Department of Transportation v. Tilley, 136 N.C. App. 370 (2000)

Jan. 18, 2000 · North Carolina Court of Appeals · No. COA99-319
136 N.C. App. 370

DEPARTMENT OF TRANSPORTATION, Plaintiff v. IRIS M. TILLEY, Individually and as Trustee for Tilley Six Trust and T.T. Farms Trust and husband, THOMAS TILLEY; and VIRGINIA MORTGAGE COMPANY, Defendants

No. COA99-319

(Filed 18 January 2000)

1. Eminent Domain— condemnation — amount of property affected — pretrial issue — subject matter jurisdiction not involved

Although defendants contend the jury verdict must be voided in this land condemnation case based on the trial court not having subject- matter jurisdiction since plaintiffs Declaration of Taking did not correctly list the requisite entire tract affected, the real issue defendants are arguing involves the amount of affected property, and that issue should have been resolved before trial under N.C.G.S. § 136-108.

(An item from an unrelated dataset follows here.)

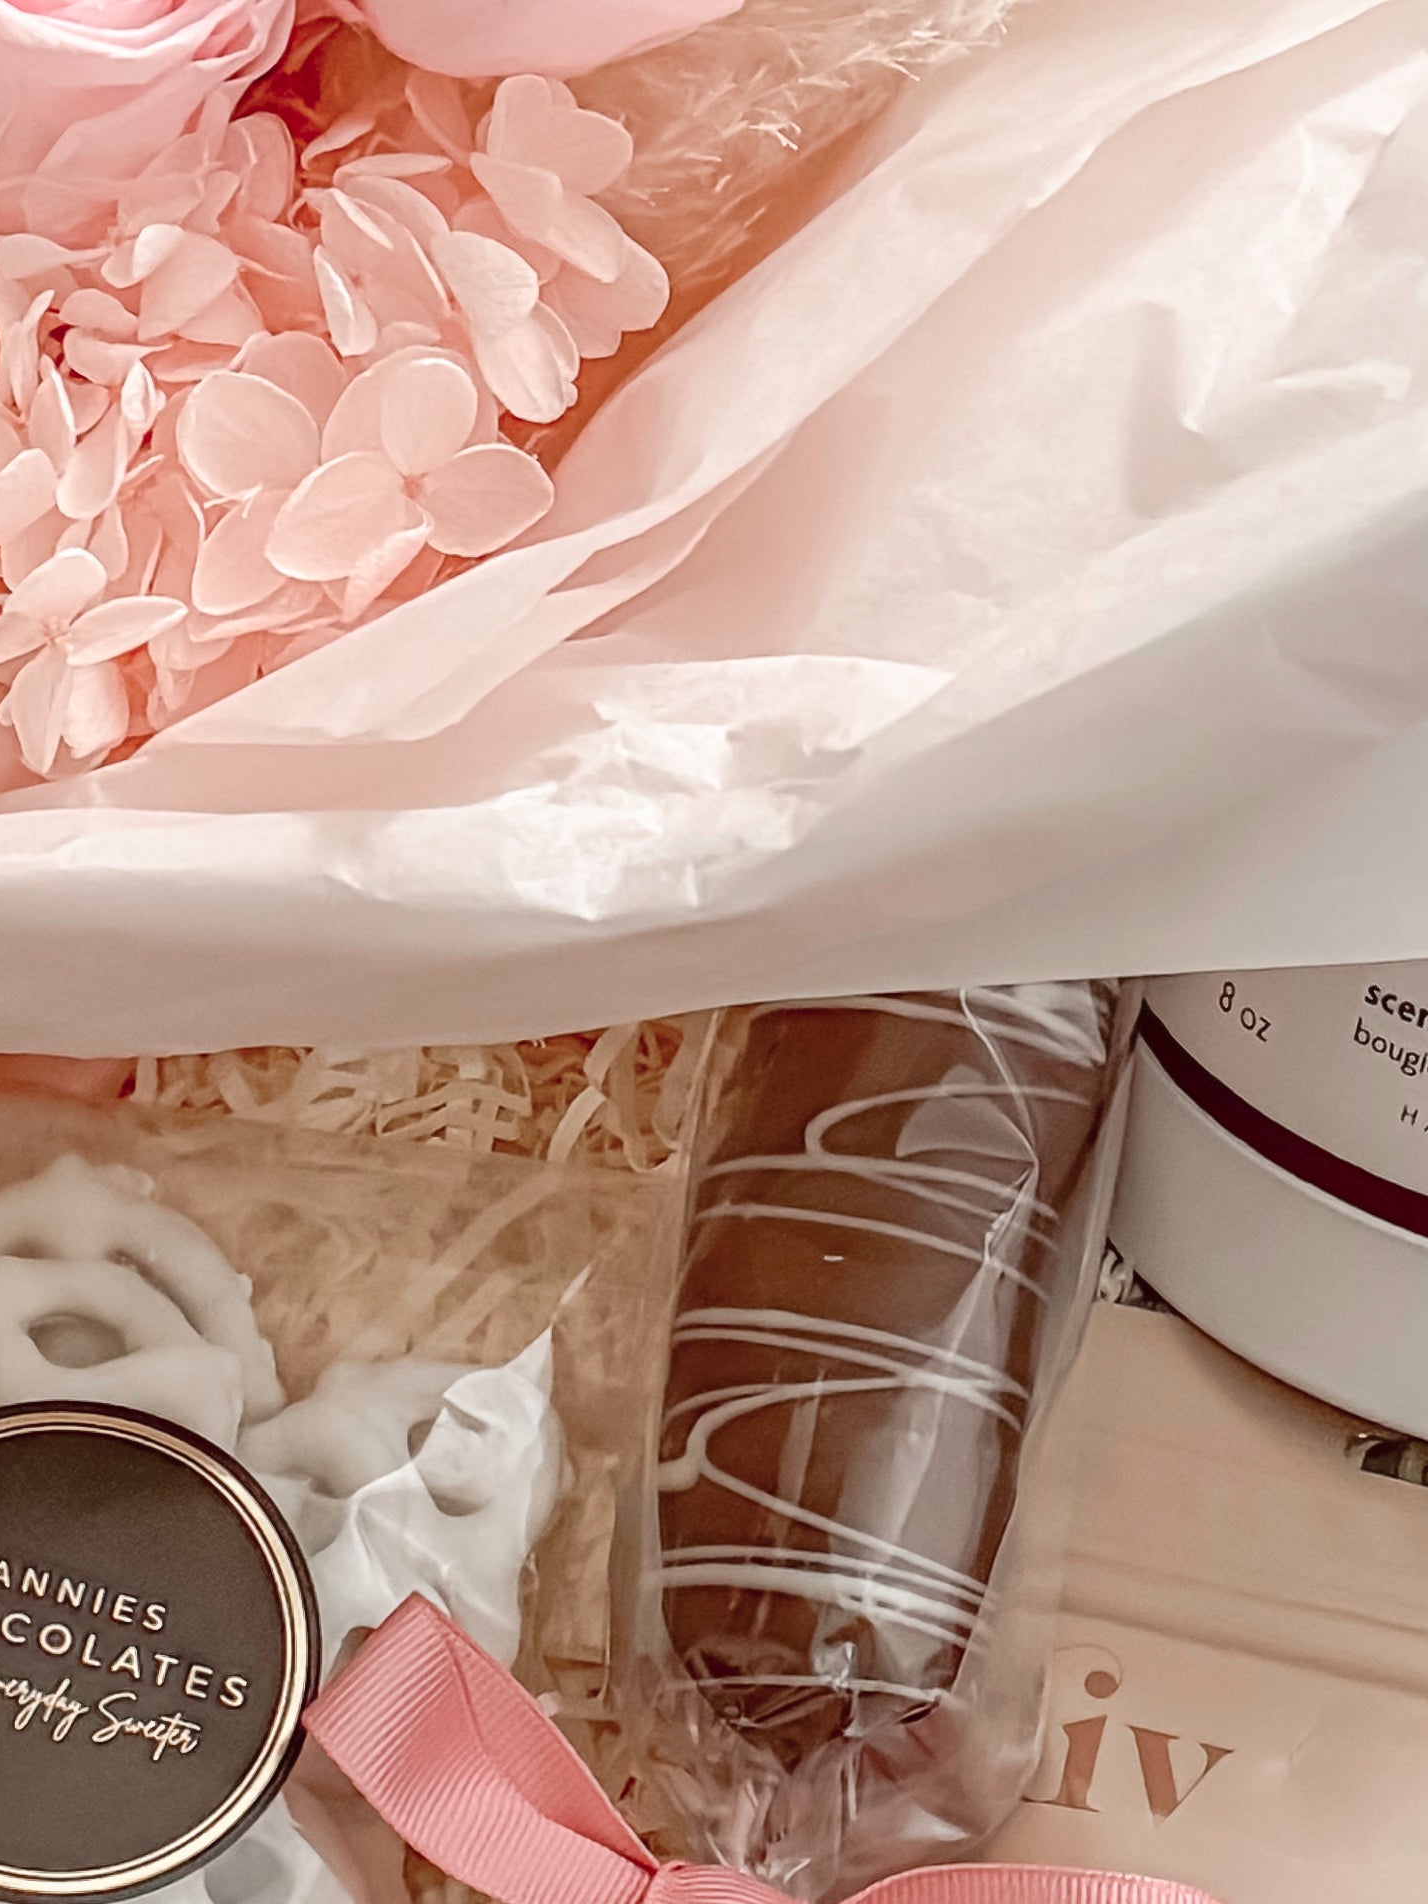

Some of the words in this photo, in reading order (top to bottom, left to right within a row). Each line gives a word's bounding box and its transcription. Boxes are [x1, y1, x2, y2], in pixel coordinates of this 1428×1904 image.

[1218, 980, 1236, 1013] 8
[1239, 1006, 1273, 1043] oz
[91, 1691, 202, 1762] Sweeter
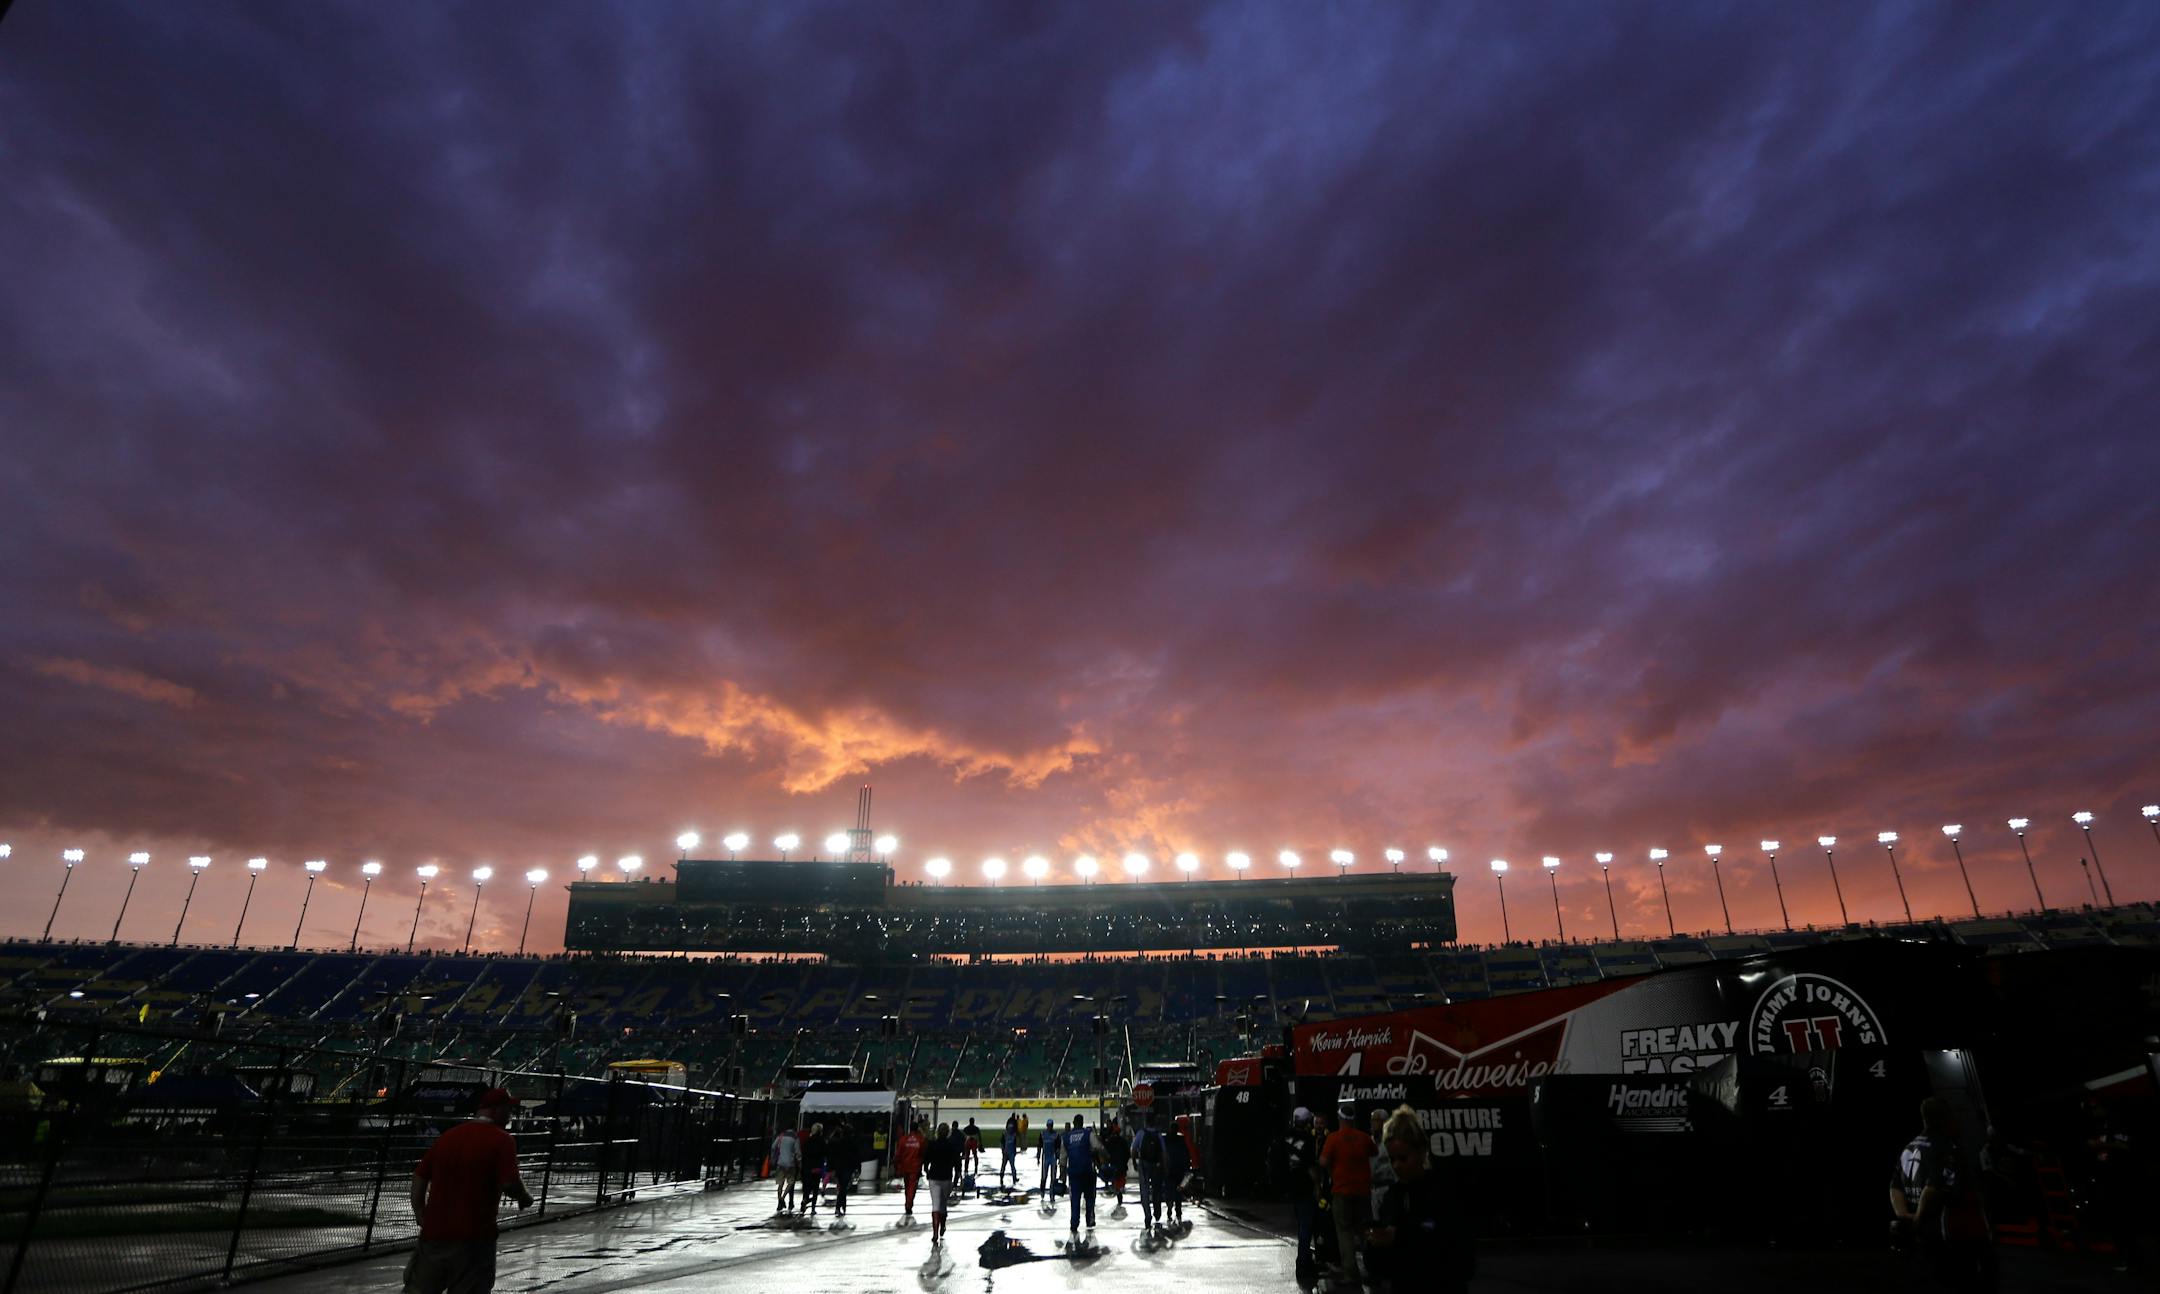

2. Eminent Domain— condemnation — calculation of value— experts not limited by statutory formula

Although the trial court erred in a land condemnation case by requiring defendants’ expert real estate appraiser to calculate the value of the 1.26-acre tract taken according to the strict formula set under N.C.G.S. § 136-112(1) since that statute only speaks to the exclusive measure of damages to be used by the “commissioners, jury or judge,” it was not prejudicial error since defendants have not shown a different result likely would have occurred absent the error, given the facts that: (1) the expert was permitted to complete his calculations during a recess and his calculations in no way changed his ultimate appraisal value of the 1.25-acre tract; and (2) the cross-examination of the expert’s appraisal of the unaffected tract completed during the recess did not affect his credibility with respect to the valuation of the land actually condemned.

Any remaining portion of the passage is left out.